§ **EXERCISE GOAL**
Return exactly the lines of the entries, from the one with "this 1920×1440 image." to the last.

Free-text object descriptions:
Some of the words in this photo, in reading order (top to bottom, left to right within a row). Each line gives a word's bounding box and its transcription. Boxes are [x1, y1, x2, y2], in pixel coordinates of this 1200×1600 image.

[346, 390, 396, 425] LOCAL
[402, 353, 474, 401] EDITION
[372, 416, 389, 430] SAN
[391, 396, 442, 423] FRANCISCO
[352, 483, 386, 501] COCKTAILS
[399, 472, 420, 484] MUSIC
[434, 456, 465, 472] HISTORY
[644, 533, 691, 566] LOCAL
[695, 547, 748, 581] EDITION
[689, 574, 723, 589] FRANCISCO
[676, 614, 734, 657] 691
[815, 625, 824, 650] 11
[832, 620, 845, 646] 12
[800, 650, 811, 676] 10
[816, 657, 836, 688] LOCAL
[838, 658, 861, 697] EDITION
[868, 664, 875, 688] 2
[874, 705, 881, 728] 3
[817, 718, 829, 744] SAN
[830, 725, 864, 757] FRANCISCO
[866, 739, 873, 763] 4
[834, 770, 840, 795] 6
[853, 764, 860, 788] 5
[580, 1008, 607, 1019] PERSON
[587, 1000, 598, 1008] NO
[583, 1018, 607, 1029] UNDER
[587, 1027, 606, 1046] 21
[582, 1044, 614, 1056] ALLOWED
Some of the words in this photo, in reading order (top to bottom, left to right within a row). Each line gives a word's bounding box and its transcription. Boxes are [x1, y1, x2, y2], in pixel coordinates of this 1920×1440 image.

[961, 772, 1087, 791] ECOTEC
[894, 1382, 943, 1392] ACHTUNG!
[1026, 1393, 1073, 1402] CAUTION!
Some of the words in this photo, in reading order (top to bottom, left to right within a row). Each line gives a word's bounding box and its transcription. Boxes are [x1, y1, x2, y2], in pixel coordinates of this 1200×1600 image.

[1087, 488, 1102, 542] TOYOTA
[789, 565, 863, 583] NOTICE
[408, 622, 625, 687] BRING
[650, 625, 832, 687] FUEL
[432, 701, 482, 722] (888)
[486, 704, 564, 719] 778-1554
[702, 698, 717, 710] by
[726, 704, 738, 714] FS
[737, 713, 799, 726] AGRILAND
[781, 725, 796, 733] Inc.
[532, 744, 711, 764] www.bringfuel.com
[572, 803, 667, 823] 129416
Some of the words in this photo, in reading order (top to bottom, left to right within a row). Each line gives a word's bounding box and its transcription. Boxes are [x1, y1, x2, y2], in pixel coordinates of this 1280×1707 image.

§ **RESPONSE TO THIS EXERCISE**
Some of the words in this photo, in reading order (top to bottom, left to right within a row). Each line gives a word's bounding box and its transcription. Boxes are [x1, y1, x2, y2], in pixel coordinates of this 1920×1440 image.

[961, 772, 1087, 791] ECOTEC
[894, 1382, 943, 1392] ACHTUNG!
[1026, 1393, 1073, 1402] CAUTION!
Some of the words in this photo, in reading order (top to bottom, left to right within a row). Each line gives a word's bounding box and its transcription. Boxes are [x1, y1, x2, y2], in pixel coordinates of this 1200×1600 image.

[1087, 488, 1102, 542] TOYOTA
[789, 565, 863, 583] NOTICE
[408, 622, 625, 687] BRING
[650, 625, 832, 687] FUEL
[432, 701, 482, 722] (888)
[486, 704, 564, 719] 778-1554
[702, 698, 717, 710] by
[726, 704, 738, 714] FS
[737, 713, 799, 726] AGRILAND
[781, 725, 796, 733] Inc.
[532, 744, 711, 764] www.bringfuel.com
[572, 803, 667, 823] 129416
Some of the words in this photo, in reading order (top to bottom, left to right within a row). Each line gives a word's bounding box and its transcription. Boxes are [x1, y1, x2, y2], in pixel coordinates of this 1280×1707 image.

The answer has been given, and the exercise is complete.